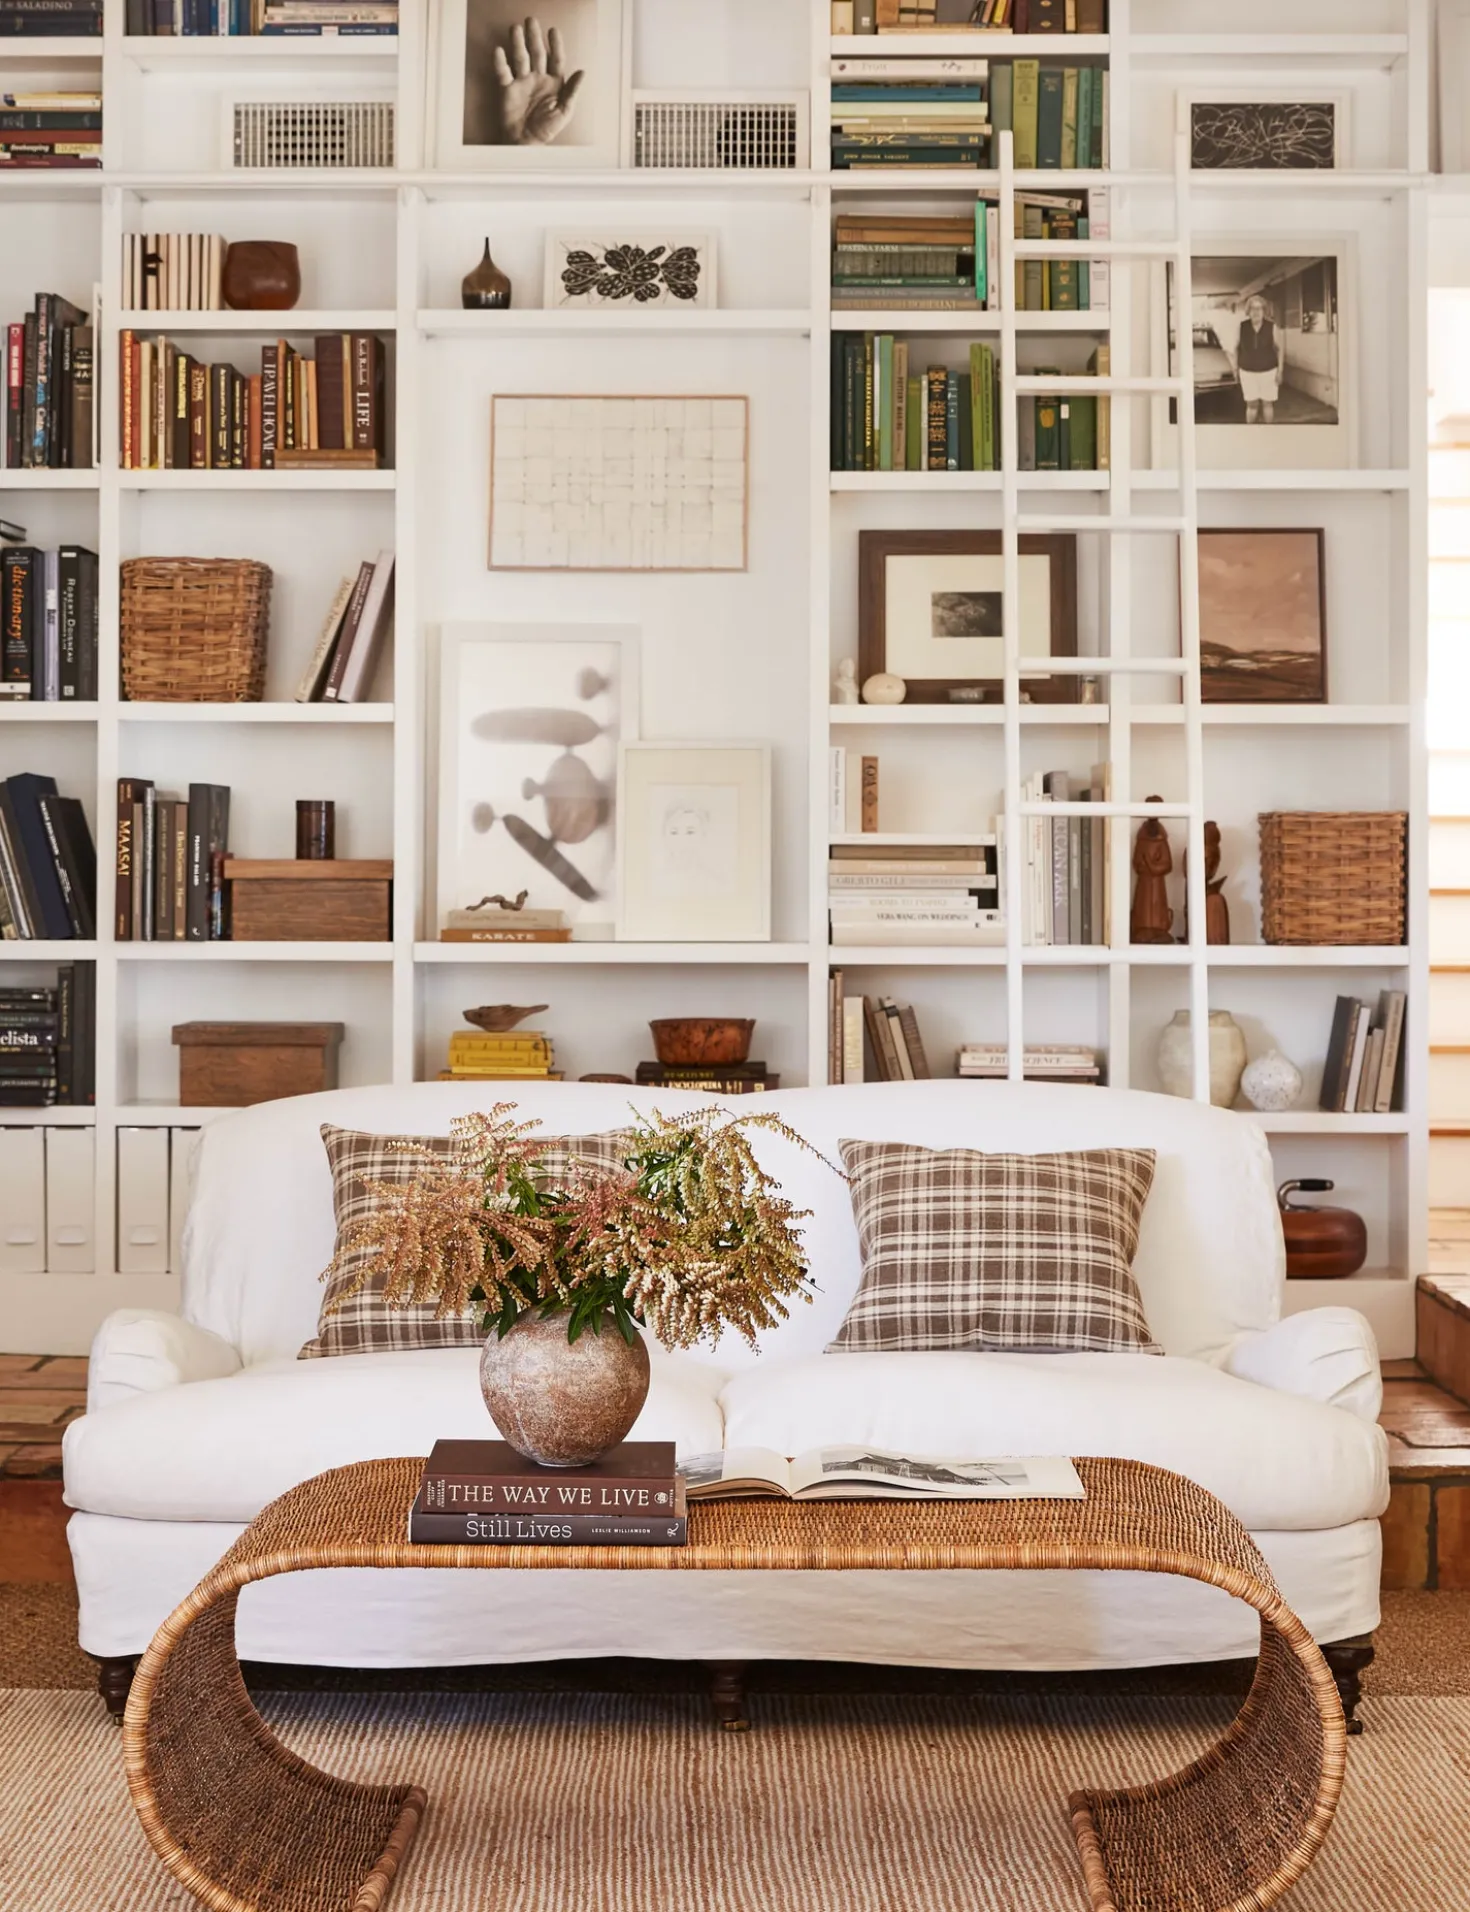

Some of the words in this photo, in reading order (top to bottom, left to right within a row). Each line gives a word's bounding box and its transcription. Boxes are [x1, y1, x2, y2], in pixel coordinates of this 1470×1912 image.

[263, 363, 277, 407] TRAVEL
[356, 392, 370, 428] LIFE
[262, 411, 277, 453] HOME
[67, 578, 77, 616] ROBERT
[66, 619, 77, 663] DOISNEAU
[118, 820, 131, 877] MAASAI
[472, 932, 536, 941] KARATE
[448, 1484, 494, 1502] THE
[501, 1486, 551, 1504] WAY
[557, 1487, 593, 1505] WE
[600, 1488, 650, 1507] LIVE
[466, 1520, 512, 1538] Still
[516, 1520, 573, 1539] Lives
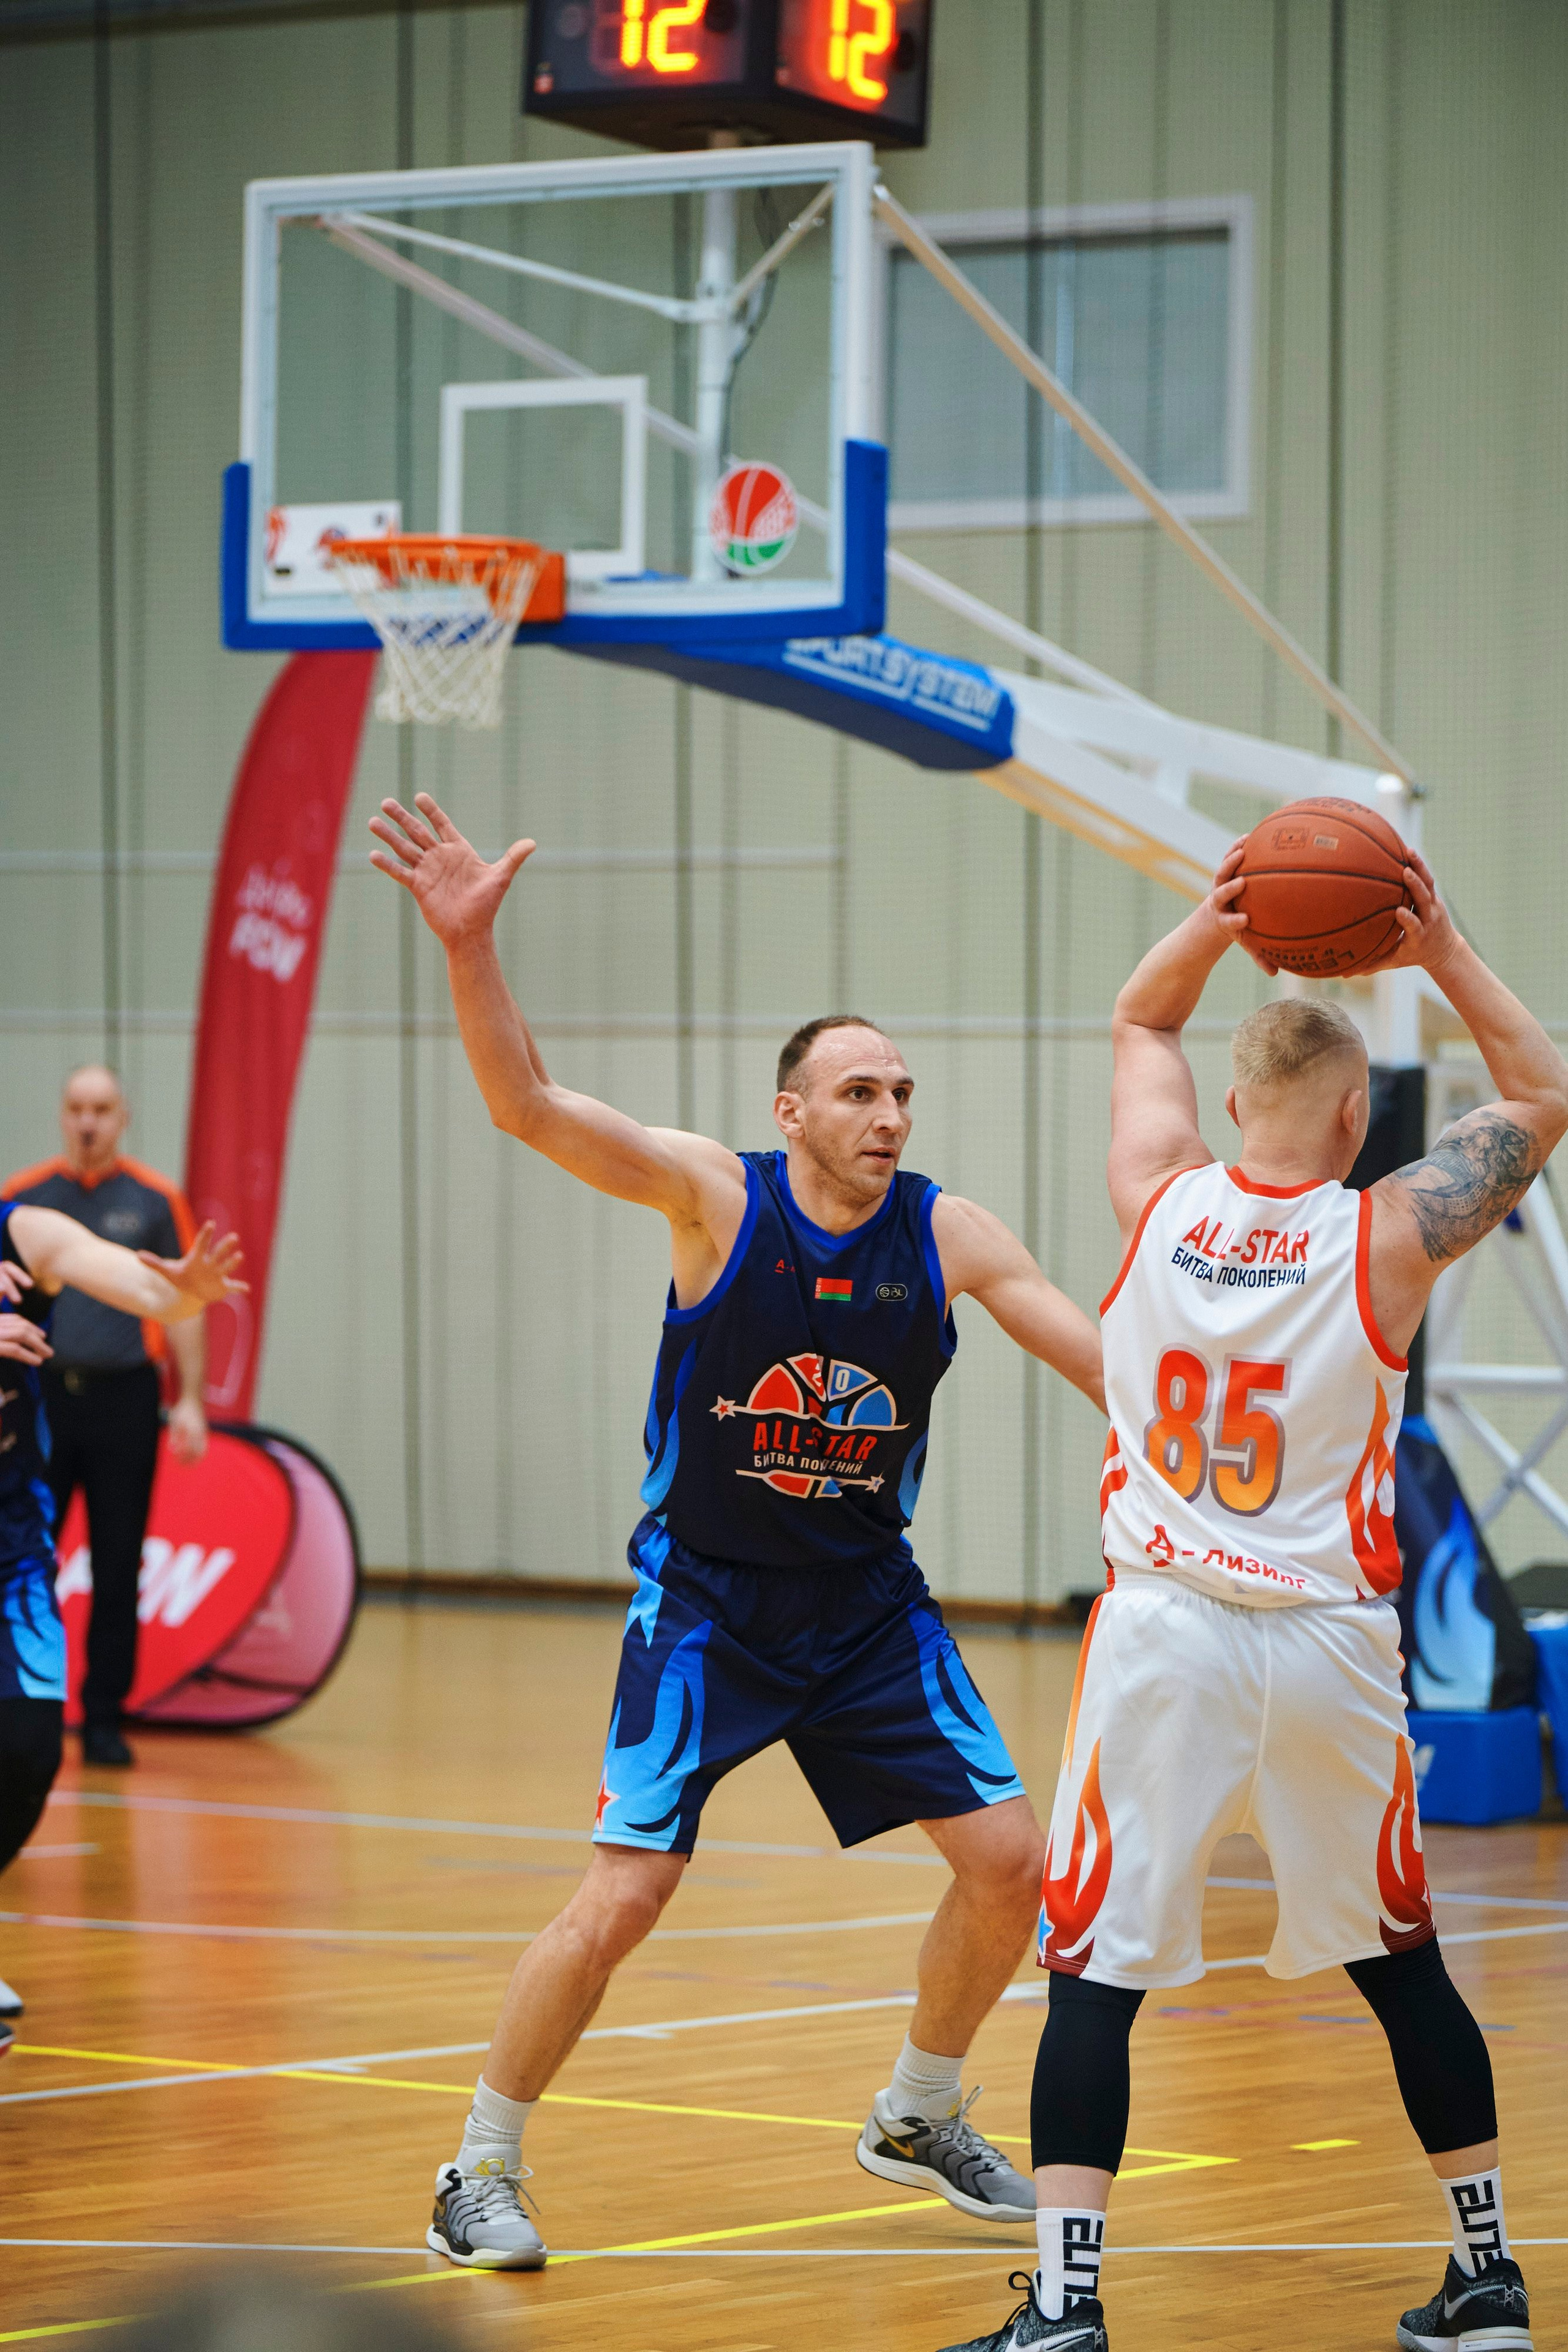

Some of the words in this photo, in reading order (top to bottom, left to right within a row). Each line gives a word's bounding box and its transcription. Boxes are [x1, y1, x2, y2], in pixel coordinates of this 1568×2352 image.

[620, 0, 707, 72] 12
[828, 0, 895, 101] 12
[1170, 1246, 1215, 1283] БИТВА
[1216, 1262, 1306, 1288] ПОКОЛЕНИЙ
[1182, 1215, 1310, 1264] ALL-STAR
[753, 1452, 794, 1468] БИТВА
[1142, 1342, 1292, 1518] 85

**What you have to do**
Write all the entries again word for word, minus the pictures.

**Result**
Some of the words in this photo, in reading order (top to bottom, left to right within a row). Each line gives a word's bounding box and its transcription. Boxes are [x1, y1, x2, y2], in pixel coordinates of this 1470×1912 image.

[263, 363, 277, 407] TRAVEL
[356, 392, 370, 428] LIFE
[262, 411, 277, 453] HOME
[67, 578, 77, 616] ROBERT
[66, 619, 77, 663] DOISNEAU
[118, 820, 131, 877] MAASAI
[472, 932, 536, 941] KARATE
[448, 1484, 494, 1502] THE
[501, 1486, 551, 1504] WAY
[557, 1487, 593, 1505] WE
[600, 1488, 650, 1507] LIVE
[466, 1520, 512, 1538] Still
[516, 1520, 573, 1539] Lives

Some of the words in this photo, in reading order (top to bottom, left to right within a row). Each line gives a word's bounding box and its transcription. Boxes are [x1, y1, x2, y2], in pixel coordinates of this 1568×2352 image.

[620, 0, 707, 72] 12
[828, 0, 895, 101] 12
[1170, 1246, 1215, 1283] БИТВА
[1216, 1262, 1306, 1288] ПОКОЛЕНИЙ
[1182, 1215, 1310, 1264] ALL-STAR
[753, 1452, 794, 1468] БИТВА
[1142, 1342, 1292, 1518] 85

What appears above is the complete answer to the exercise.